If you read the label on most of these wonder-supps, it’ll probably say “1-2 capsules daily” or something to that effect. I’ve also found that most of these healthy fats come in potencies ranging from 750 to 1000mg.
There are the guys who clutch their clipboards as they sit around the office in white lab coats who really study this stuff. You’ll often find them engaged in light banter, discussing the finer details of the tricarboxylic cycle and making jokes about how the “dolts on the outside” don’t understand metabolic pathways, yet even they can’t come to a clear answer on how much is enough.
I’m not one of them. [Far from it, in fact ;)]
But I do still have my own personal and professional interest in the matter of supplementation, especially when it comes to dietary fats.
The latest research/reports I’ve seen recommend anything from 3 to 12 grams of fish oil a day.
So to answer the “how much fish oil” question - not from a pure scientific standpoint, mind you, but from what I consider a much more practical approach - I’ll tell ya’ what I do and let you take it from there…
First (and perhaps most importantly) I don’t take fish oil - or any other supplement for that matter - with expectations of a ‘miracle cure’.
Supplements are just that: supplements. Not substitutes. Not medications. It’s simply a little “insurance” against any deficiencies your already healthy diet might have.
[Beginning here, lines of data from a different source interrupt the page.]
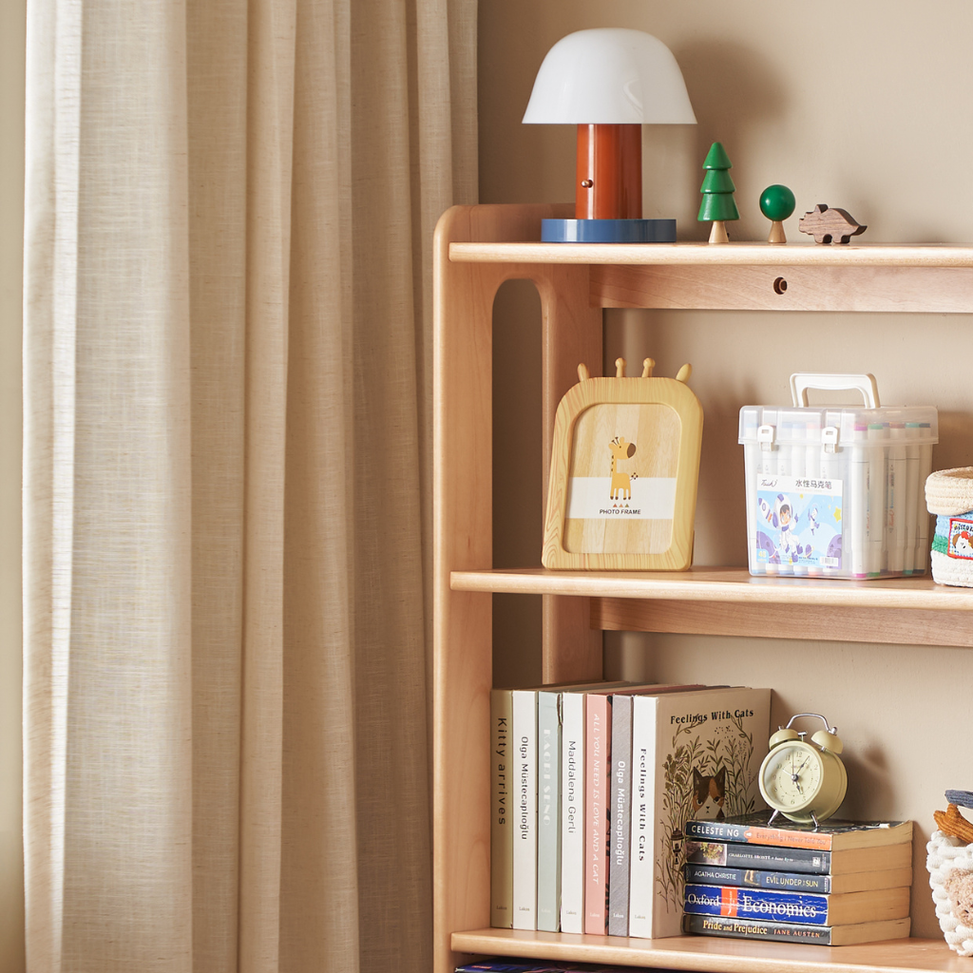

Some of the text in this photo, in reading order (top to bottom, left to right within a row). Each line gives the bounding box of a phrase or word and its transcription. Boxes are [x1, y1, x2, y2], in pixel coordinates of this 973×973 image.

[670, 709, 754, 725] Feelings With Cats
[519, 736, 528, 759] Olga
[497, 717, 508, 825] Kitty arrives
[592, 759, 600, 787] NEED
[616, 760, 625, 783] Olga
[568, 740, 577, 834] Maddalena Gerli
[592, 802, 600, 827] LOVE
[638, 748, 647, 862] Feelings With Cats
[691, 825, 739, 837] CELESTE NG
[715, 872, 736, 880] CHRISTIE
[766, 875, 779, 885] EVIL
[780, 877, 803, 887] UNDER
[688, 893, 720, 906] Oxford
[742, 895, 817, 917] Economics
[703, 920, 722, 931] Pride
[733, 923, 768, 935] Prejudice
[793, 930, 820, 938] AUSTEN
Now if I lived in an igloo and ate salmon 3 times a day, I probably wouldn’t need to supplement with fish oil. But since I live/work/travel in the continental USA, I have the same food choices common throughout much of the western world. By this, I mean saturated fat is all too easy to get.
Have you ever seen a big chicken? I eat beef. I chose lean cuts whenever possible. Rather than freak out about my fat intake everytime a hamburger comes within reach, I simply balance (do not underestimate that word!) my dietary fats with poly and monounsaturated fats through EFAs, nuts, etc…
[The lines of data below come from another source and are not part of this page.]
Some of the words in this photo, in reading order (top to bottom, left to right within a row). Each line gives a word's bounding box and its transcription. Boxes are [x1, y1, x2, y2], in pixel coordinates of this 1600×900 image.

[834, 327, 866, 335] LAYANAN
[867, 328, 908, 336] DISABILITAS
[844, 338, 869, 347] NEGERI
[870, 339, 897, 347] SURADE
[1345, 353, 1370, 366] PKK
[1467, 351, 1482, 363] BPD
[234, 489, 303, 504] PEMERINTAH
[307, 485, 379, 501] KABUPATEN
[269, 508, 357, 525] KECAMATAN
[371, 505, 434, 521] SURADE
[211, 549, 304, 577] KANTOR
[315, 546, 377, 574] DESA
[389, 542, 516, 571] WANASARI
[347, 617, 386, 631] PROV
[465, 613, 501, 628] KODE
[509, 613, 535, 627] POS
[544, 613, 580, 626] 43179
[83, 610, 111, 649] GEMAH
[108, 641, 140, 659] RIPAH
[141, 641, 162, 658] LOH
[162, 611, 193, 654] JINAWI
So if it’s a day of higher saturated fat intake, I just aim for the higher end of fish-oil intake the lab-geeks are currently recommending (10-12g).
If it’s an extremely lean day of eating (yes, I have those, too), I’d stay closer to the low end (3-5g).
On most days I’m in the 6-9g range, always divided over 3 or 4 ‘doses’.
Remember, health and fitness is all about balance. It really doesn’t have to be more complicated than that.